> **Raw data**
--

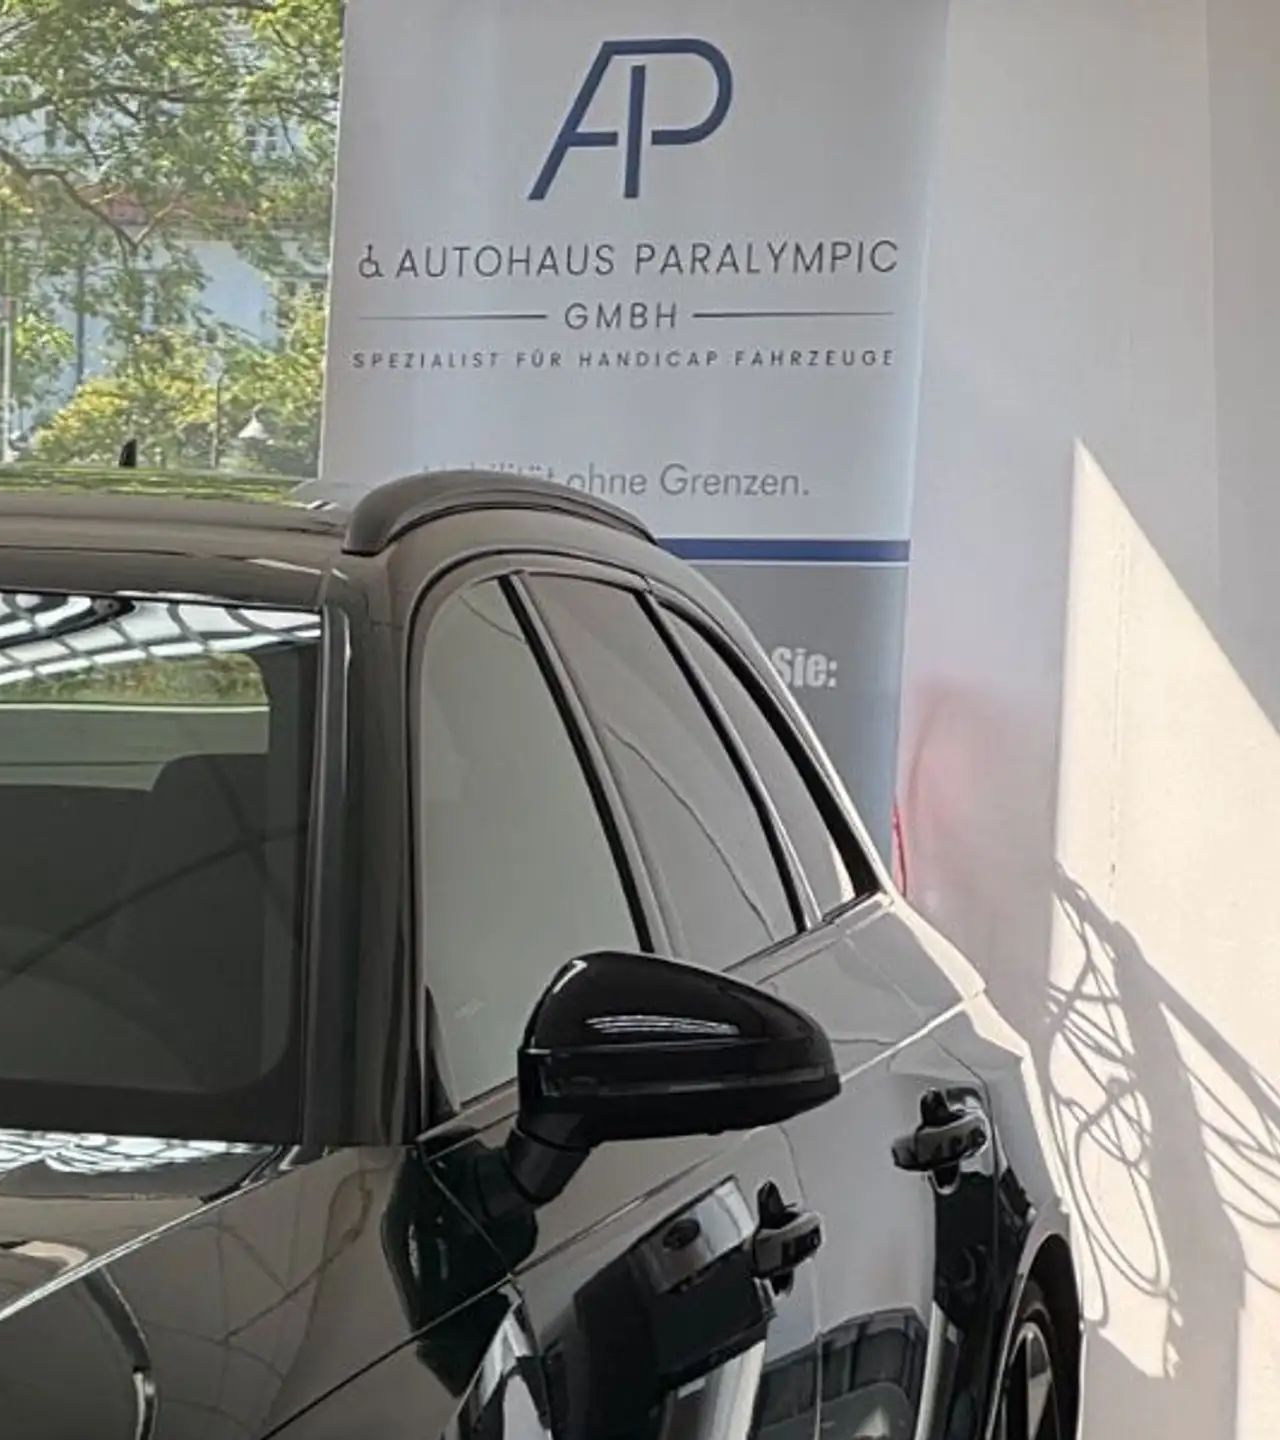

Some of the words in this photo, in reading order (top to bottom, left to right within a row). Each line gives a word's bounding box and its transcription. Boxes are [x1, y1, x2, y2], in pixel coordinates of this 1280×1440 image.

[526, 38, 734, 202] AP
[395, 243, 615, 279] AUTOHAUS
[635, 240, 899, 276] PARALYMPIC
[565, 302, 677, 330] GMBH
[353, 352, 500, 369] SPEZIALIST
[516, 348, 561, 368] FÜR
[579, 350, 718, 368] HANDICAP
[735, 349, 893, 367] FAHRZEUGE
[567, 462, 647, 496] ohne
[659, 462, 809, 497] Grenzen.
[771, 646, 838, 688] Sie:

--

> **Your instructions**
Set down every entry word for word, but omit the pictures.

> **Reply to the task**
Some of the words in this photo, in reading order (top to bottom, left to right within a row). Each line gives a word's bounding box and its transcription. Boxes are [x1, y1, x2, y2], in pixel coordinates of this 1280×1440 image.

[526, 38, 734, 202] AP
[395, 243, 615, 279] AUTOHAUS
[635, 240, 899, 276] PARALYMPIC
[565, 302, 677, 330] GMBH
[353, 352, 500, 369] SPEZIALIST
[516, 348, 561, 368] FÜR
[579, 350, 718, 368] HANDICAP
[735, 349, 893, 367] FAHRZEUGE
[567, 462, 647, 496] ohne
[659, 462, 809, 497] Grenzen.
[771, 646, 838, 688] Sie:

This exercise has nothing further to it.